Pamela Davies
About Pamela L. Davies
Pamela L. Davies, 68, has served as an independent director of The Cato Corporation since April 2018. She is President Emerita and Professor of Strategy at Queens University of Charlotte, where she was President (2002–2019) and previously Dean of the McColl School of Business (2000–2002) . The Board has formally determined she is independent under NYSE standards; her current term expires in 2026 .
Past Roles
| Organization | Role | Tenure | Committees/Impact |
|---|---|---|---|
| Queens University of Charlotte | President | 2002–2019 | Institutional leadership; strategy oversight |
| Queens University of Charlotte (McColl School of Business) | Dean | 2000–2002 | Business school leadership |
| Charming Shoppes | Director | 1998–2009 | Public company retail board experience |
| C&D Technologies, Inc. | Director | 1998–2010 | Public company board experience |
| Family Dollar Stores, Inc. | Director | 2009–2015 | Retail board experience |
External Roles
| Organization | Role | Tenure | Committees/Impact |
|---|---|---|---|
| Sonoco Products Company | Director | Current | Not disclosed in CATO proxy |
| Advocate Health (formerly Atrium Health) | Director | Current | Not disclosed in CATO proxy |
| YMCA of the USA | Director | Current | Not disclosed in CATO proxy |
| Center for Creative Leadership | Director | Current | Not disclosed in CATO proxy |
| Duke & Princeton Theological Seminary Endowment | Trustee | Current | Not disclosed in CATO proxy |
Board Governance
- Committee memberships (FY 2024): Compensation Committee member; Corporate Governance & Nominating Committee member. Neither committee is chaired by Davies .

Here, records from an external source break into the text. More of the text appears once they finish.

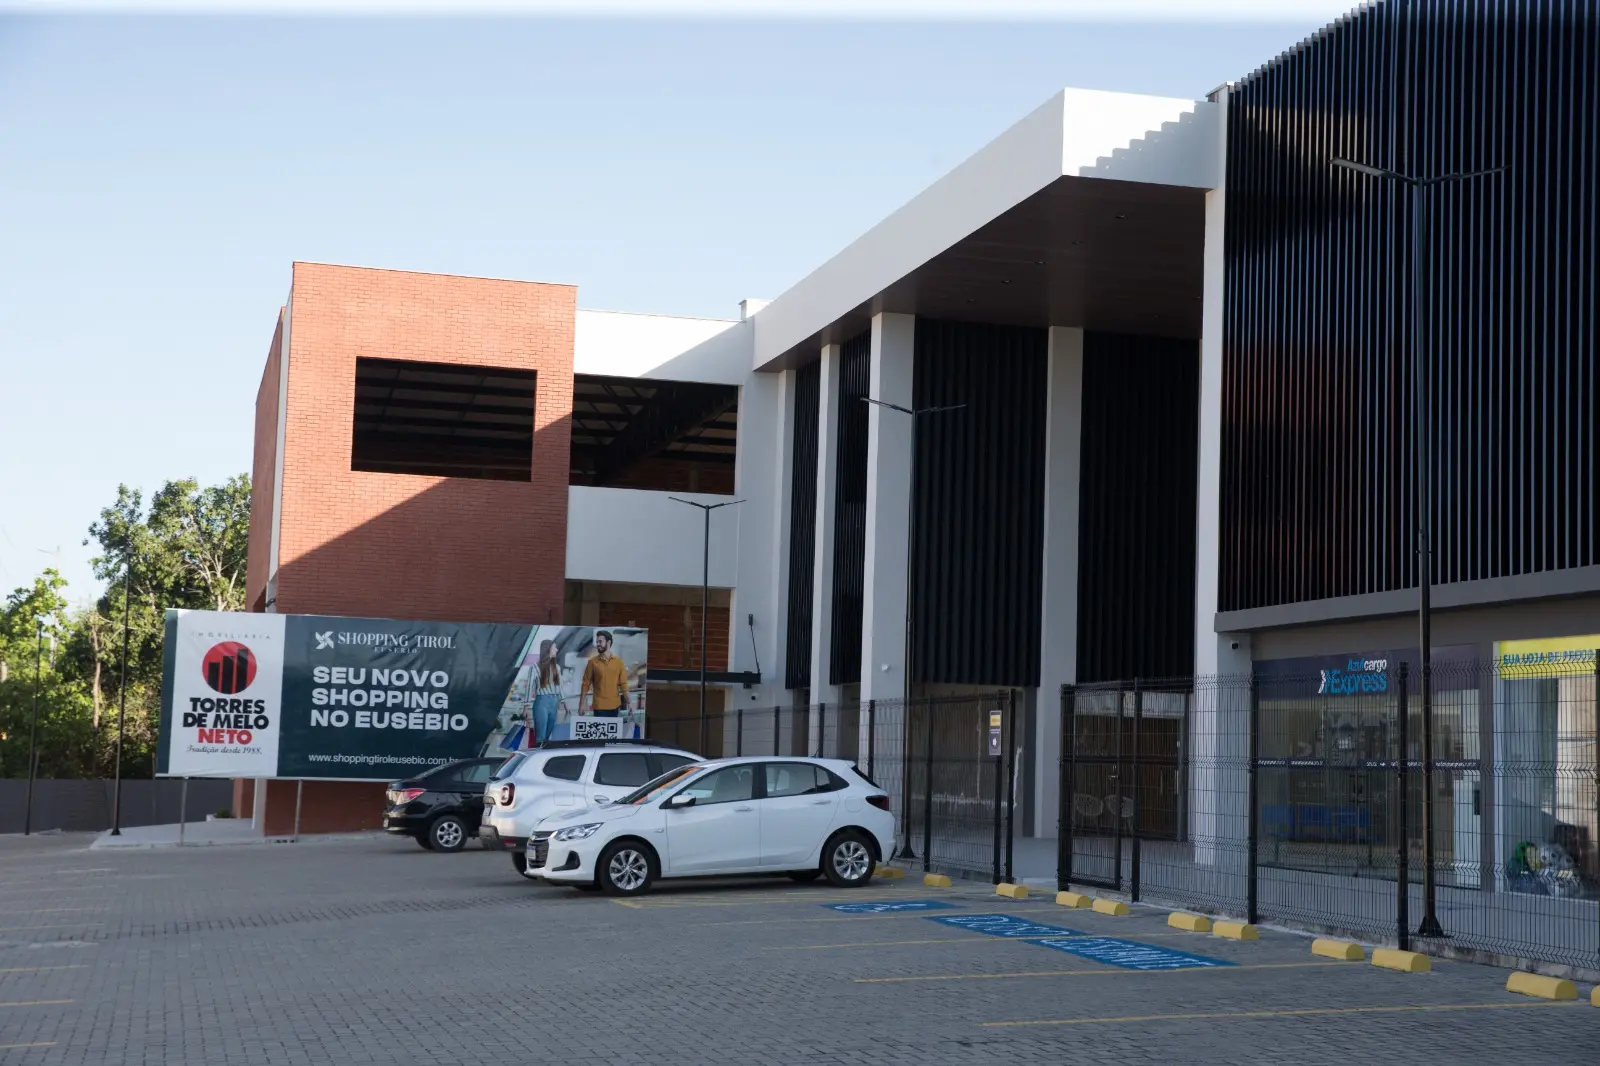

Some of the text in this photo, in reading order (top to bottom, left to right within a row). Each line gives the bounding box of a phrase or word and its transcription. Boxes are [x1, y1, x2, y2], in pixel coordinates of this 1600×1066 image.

[337, 631, 456, 649] SHOPPING TIROL
[1503, 653, 1520, 665] SUA
[312, 666, 449, 688] SEU NOVO
[189, 697, 265, 714] TORRES
[311, 688, 449, 709] SHOPPING
[182, 712, 269, 730] DE MELO
[310, 708, 469, 731] NO EUSÉBIO
[198, 728, 253, 745] NETO
[308, 753, 459, 766] www.shoppingtiroleusebio.comb

- Independence: Board determined Davies (and a majority of directors) are independent under NYSE standards; Cato is a “controlled company” with >50% combined voting power held by the CEO/Chairman, yet maintains independent compensation and nominating committees .
- Attendance and engagement: Board held 4 meetings; Audit 7; Compensation 3; Corporate Governance & Nominating 3. All directors attended 100% of scheduled Board and applicable Committee meetings and the 2024 Annual Meeting .

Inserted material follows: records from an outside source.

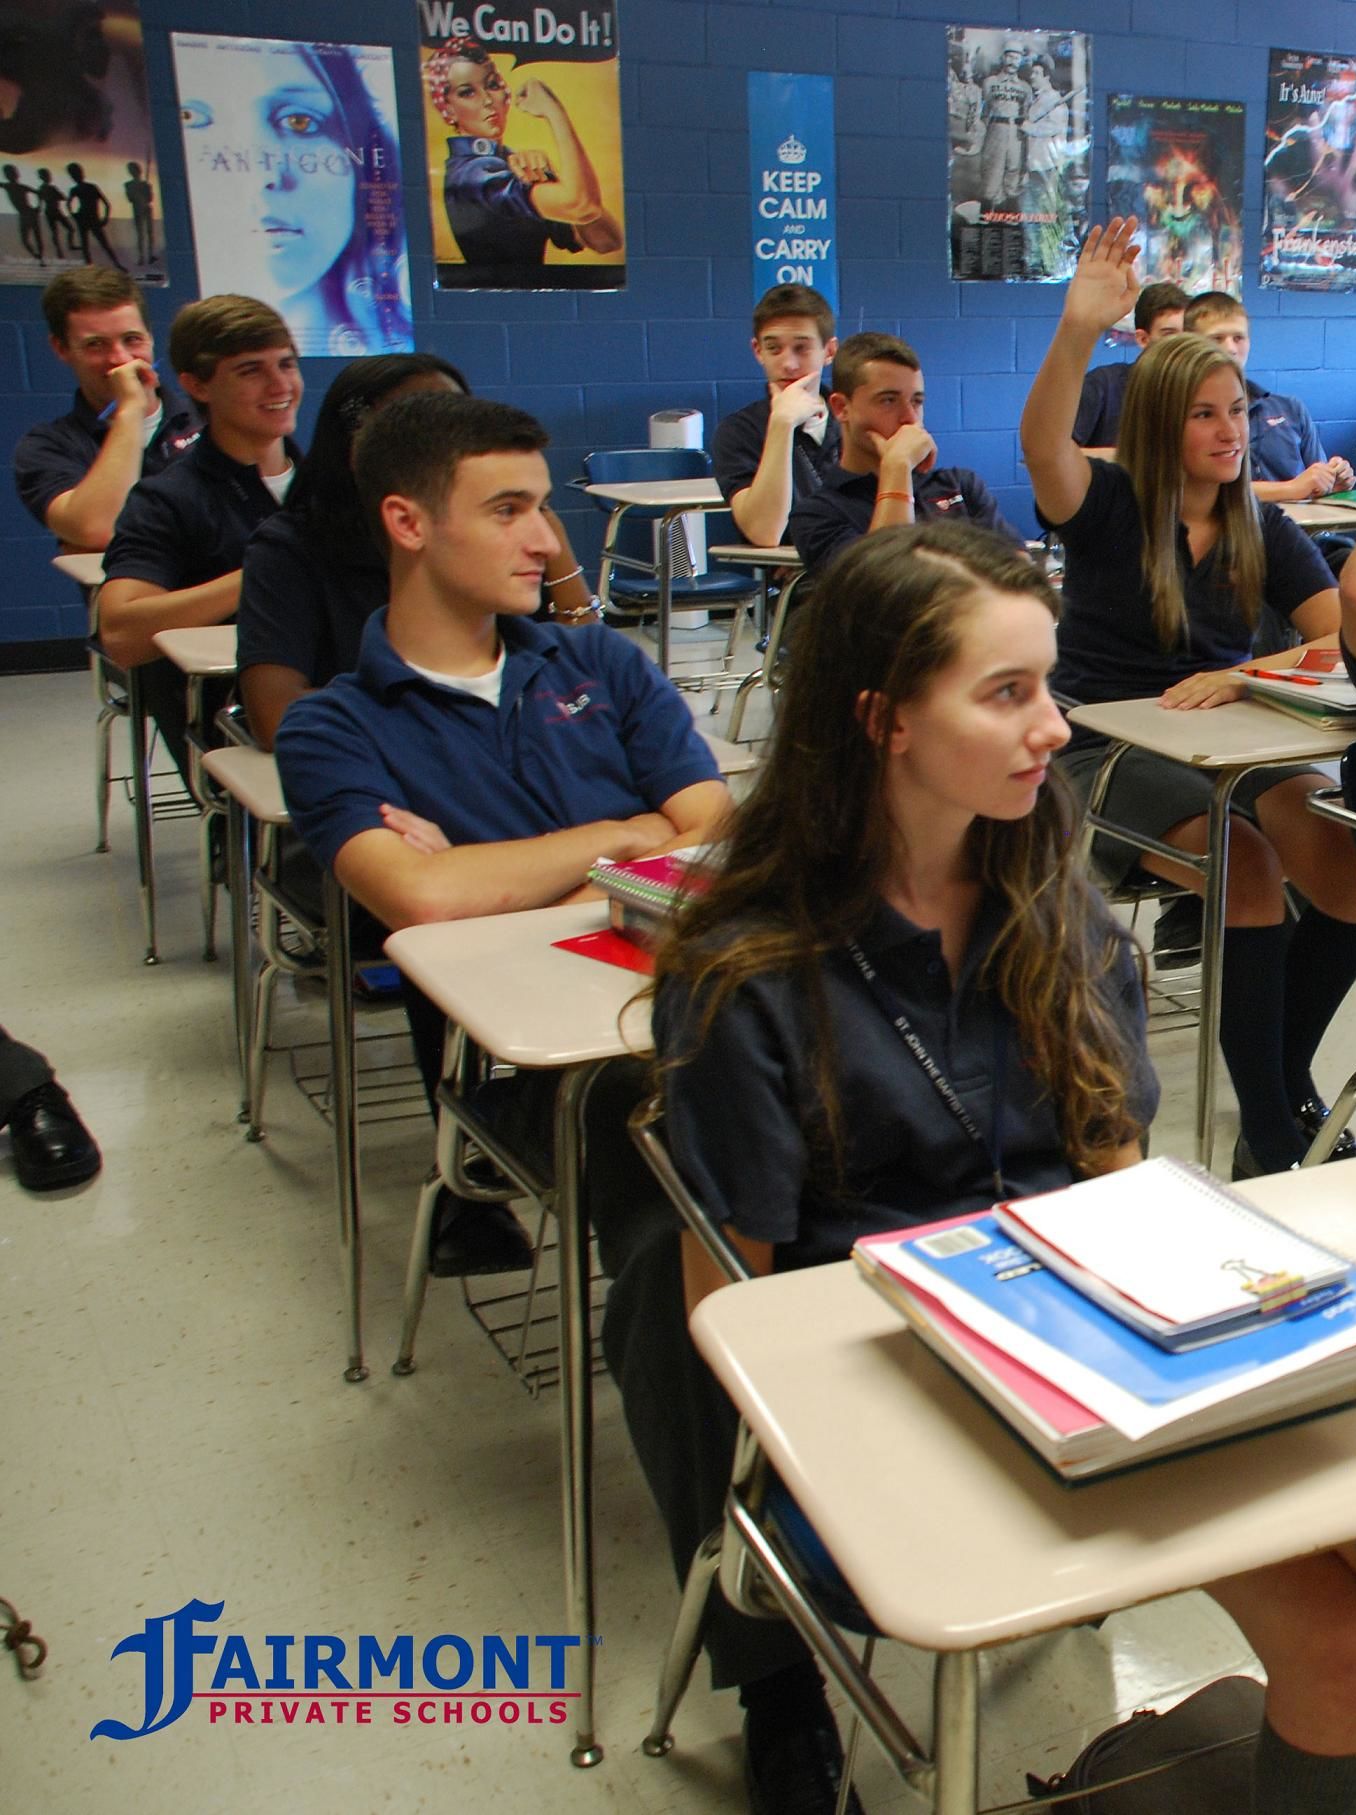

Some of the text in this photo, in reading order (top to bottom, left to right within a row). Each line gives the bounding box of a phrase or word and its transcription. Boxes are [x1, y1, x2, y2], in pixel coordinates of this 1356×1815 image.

[419, 0, 613, 47] We Can Do It!
[211, 147, 387, 176] ANTIGONE
[762, 170, 822, 193] KEEP
[759, 197, 828, 220] CALM
[783, 224, 806, 235] AND
[755, 237, 832, 261] CARRY
[776, 265, 814, 287] ON
[904, 1033, 928, 1060] JOHN
[922, 1057, 941, 1079] THE

- Compensation Committee interlocks: None; no member served as an officer of Cato, and no executive officer of Cato served on the compensation committee or board of any company employing any Compensation Committee member .
- Executive sessions: Non-management directors meet regularly without management; at least annually, independent directors meet separately. Lead Independent Director presides .
Fixed Compensation
| Component | Structure | FY 2024 Details |
|---|---|---|
| Annual cash retainer | $66,000 per year (non-employee directors) | Policy-level disclosure |
| Meeting fees | $1,500 per Board meeting and per Committee meeting scheduled other than in conjunction with a regular Board meeting | Policy-level disclosure |
| Chair fees | $5,000 for Compensation and Corporate Governance & Nominating Chairs; $10,000 for Audit Chair | Policy-level disclosure |
| Expense reimbursement | Reasonable expenses reimbursed | Policy-level disclosure |
| Pamela L. Davies – Director Compensation (USD) | FY 2021 | FY 2022 | FY 2023 | FY 2024 |
|---|---|---|---|---|
| Fees Earned or Paid in Cash | $73,000 | $73,000 | $75,000 | $75,000 |
| Stock Awards (FASB ASC 718 fair value) | $72,904 | $45,114 | $35,637 | $25,895 |
| Total | $145,904 | $118,114 | $110,637 | $100,895 |
Performance Compensation
| Equity Award Detail | FY 2021 | FY 2022 | FY 2023 | FY 2024 |
|---|---|---|---|---|
| Grant type | Stock grant (Class A) | Stock grant (Class A) | Stock grant (Class A) | Stock grant (Class A) |
| Grant date | June 1, 2021 | June 1, 2022 | June 1, 2023 | June 1, 2024 |
| Shares granted | 4,585 | 3,519 | 4,438 | 4,298 |
| Valuation basis (ASC 718) | High/low avg: $16.43/$15.37 | High/low avg: $13.08/$12.56 | High/low avg: $8.15/$7.91 | High/low avg: $6.11/$5.94 |
| Vesting | Not subject to vesting or restrictions | Not subject to vesting or restrictions | Not subject to vesting or restrictions | Not subject to vesting or restrictions |
| Options/PSUs/RSUs | Company “does not grant stock options and has not done so for several years” (directors receive stock grants) | |||
| Share calculation methodology | Rolling 90-day average price to determine shares; grants effective June 1 annually |
Observation: For FY 2024, the Compensation Committee “approved stock awards valued at $60,000,” determined by a rolling 90‑day average price of $6.98 resulting in 4,298 shares, while reported ASC 718 grant-date fair value was $25,895 using the grant-date high/low average methodology .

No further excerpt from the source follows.